Dataset =>
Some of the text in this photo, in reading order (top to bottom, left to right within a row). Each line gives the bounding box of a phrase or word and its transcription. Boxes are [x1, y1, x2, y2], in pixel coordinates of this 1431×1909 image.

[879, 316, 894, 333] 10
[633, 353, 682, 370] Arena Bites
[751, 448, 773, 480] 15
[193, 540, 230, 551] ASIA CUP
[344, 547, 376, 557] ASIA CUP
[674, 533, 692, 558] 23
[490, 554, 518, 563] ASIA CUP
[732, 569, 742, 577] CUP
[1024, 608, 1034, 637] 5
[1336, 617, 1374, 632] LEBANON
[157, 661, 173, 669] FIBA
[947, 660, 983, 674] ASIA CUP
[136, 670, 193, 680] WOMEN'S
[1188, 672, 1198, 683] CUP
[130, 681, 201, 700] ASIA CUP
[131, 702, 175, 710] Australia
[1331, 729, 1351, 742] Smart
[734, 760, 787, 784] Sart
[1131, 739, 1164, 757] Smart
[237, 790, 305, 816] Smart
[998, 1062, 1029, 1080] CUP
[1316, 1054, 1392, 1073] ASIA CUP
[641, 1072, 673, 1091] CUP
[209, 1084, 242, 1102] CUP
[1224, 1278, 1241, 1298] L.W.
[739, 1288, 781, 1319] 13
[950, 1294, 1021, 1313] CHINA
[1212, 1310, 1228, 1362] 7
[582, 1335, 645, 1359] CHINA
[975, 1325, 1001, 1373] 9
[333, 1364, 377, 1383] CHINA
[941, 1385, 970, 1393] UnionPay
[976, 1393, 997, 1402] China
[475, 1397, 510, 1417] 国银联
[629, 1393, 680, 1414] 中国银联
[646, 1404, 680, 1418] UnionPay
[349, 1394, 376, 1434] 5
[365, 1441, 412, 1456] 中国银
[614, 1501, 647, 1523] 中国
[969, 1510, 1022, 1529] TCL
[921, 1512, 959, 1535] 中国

Your instructions => Every entry above should come back exactly as written.

Solved exercise =>
Some of the text in this photo, in reading order (top to bottom, left to right within a row). Each line gives the bounding box of a phrase or word and its transcription. Boxes are [x1, y1, x2, y2], in pixel coordinates of this 1431×1909 image.

[879, 316, 894, 333] 10
[633, 353, 682, 370] Arena Bites
[751, 448, 773, 480] 15
[193, 540, 230, 551] ASIA CUP
[344, 547, 376, 557] ASIA CUP
[674, 533, 692, 558] 23
[490, 554, 518, 563] ASIA CUP
[732, 569, 742, 577] CUP
[1024, 608, 1034, 637] 5
[1336, 617, 1374, 632] LEBANON
[157, 661, 173, 669] FIBA
[947, 660, 983, 674] ASIA CUP
[136, 670, 193, 680] WOMEN'S
[1188, 672, 1198, 683] CUP
[130, 681, 201, 700] ASIA CUP
[131, 702, 175, 710] Australia
[1331, 729, 1351, 742] Smart
[734, 760, 787, 784] Sart
[1131, 739, 1164, 757] Smart
[237, 790, 305, 816] Smart
[998, 1062, 1029, 1080] CUP
[1316, 1054, 1392, 1073] ASIA CUP
[641, 1072, 673, 1091] CUP
[209, 1084, 242, 1102] CUP
[1224, 1278, 1241, 1298] L.W.
[739, 1288, 781, 1319] 13
[950, 1294, 1021, 1313] CHINA
[1212, 1310, 1228, 1362] 7
[582, 1335, 645, 1359] CHINA
[975, 1325, 1001, 1373] 9
[333, 1364, 377, 1383] CHINA
[941, 1385, 970, 1393] UnionPay
[976, 1393, 997, 1402] China
[475, 1397, 510, 1417] 国银联
[629, 1393, 680, 1414] 中国银联
[646, 1404, 680, 1418] UnionPay
[349, 1394, 376, 1434] 5
[365, 1441, 412, 1456] 中国银
[614, 1501, 647, 1523] 中国
[969, 1510, 1022, 1529] TCL
[921, 1512, 959, 1535] 中国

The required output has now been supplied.